* [PROBLEM] Every line from the line containing "this 1600×1200 image." through the final line below must be returned exactly, and no other line.

(Data entries)
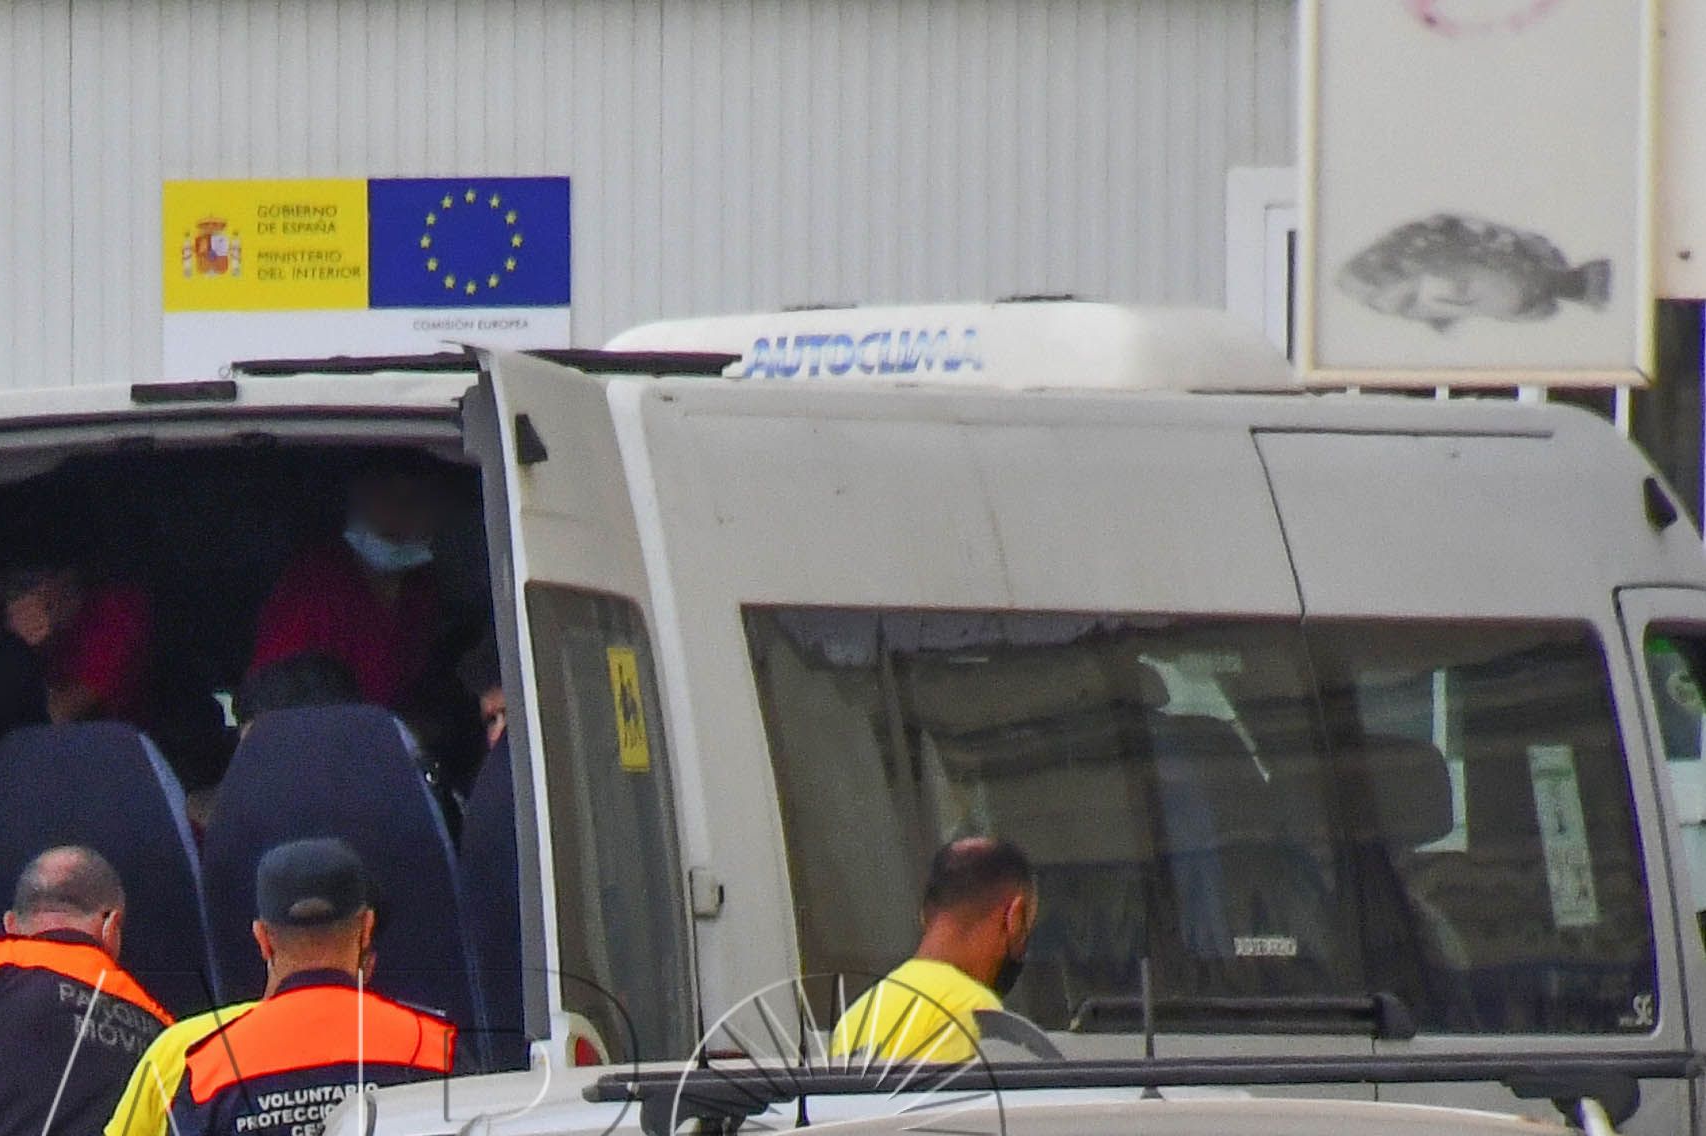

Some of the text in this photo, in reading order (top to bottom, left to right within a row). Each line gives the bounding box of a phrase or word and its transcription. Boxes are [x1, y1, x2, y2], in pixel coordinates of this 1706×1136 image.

[256, 204, 338, 218] GOBIERNO
[256, 219, 336, 234] DE ESPAÑA
[256, 249, 343, 264] MINISTERIO
[256, 266, 361, 281] DEL INTERIOR
[742, 327, 983, 379] AUTOCLIMA
[257, 1082, 378, 1112] VOLUNTARO
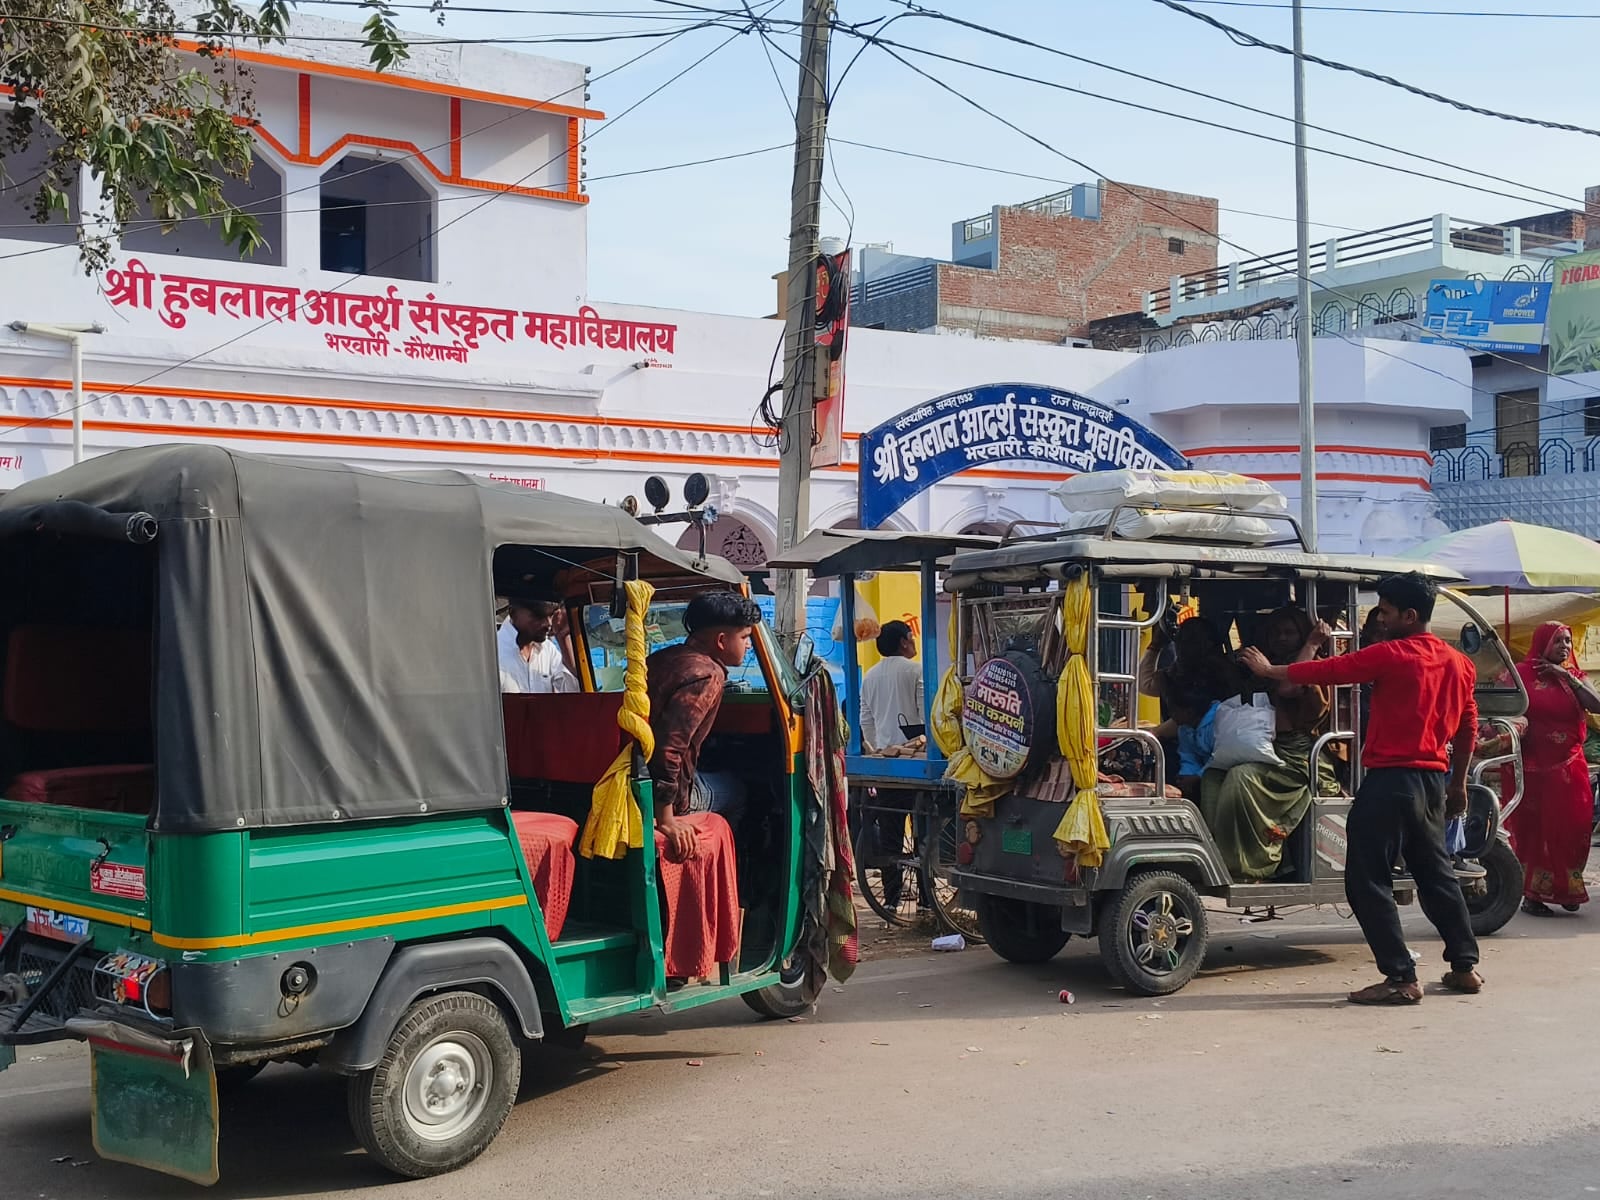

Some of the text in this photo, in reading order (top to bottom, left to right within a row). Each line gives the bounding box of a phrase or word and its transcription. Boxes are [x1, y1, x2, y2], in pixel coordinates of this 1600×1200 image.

[106, 258, 678, 354] श्री हुबलाल आदर्श संस्कृत महाविद्यालय
[324, 331, 390, 357] भरवारी
[402, 335, 469, 364] कौशाम्बी
[873, 392, 1172, 485] श्री हुबलाल आदर्श संस्कृत महाविद्या

* [WRITTEN SOLUTION]
Some of the text in this photo, in reading order (top to bottom, left to right within a row). Each line gives the bounding box of a phrase or word and its transcription. Boxes are [x1, y1, x2, y2], in pixel coordinates of this 1600×1200 image.

[106, 258, 678, 354] श्री हुबलाल आदर्श संस्कृत महाविद्यालय
[324, 331, 390, 357] भरवारी
[402, 335, 469, 364] कौशाम्बी
[873, 392, 1172, 485] श्री हुबलाल आदर्श संस्कृत महाविद्या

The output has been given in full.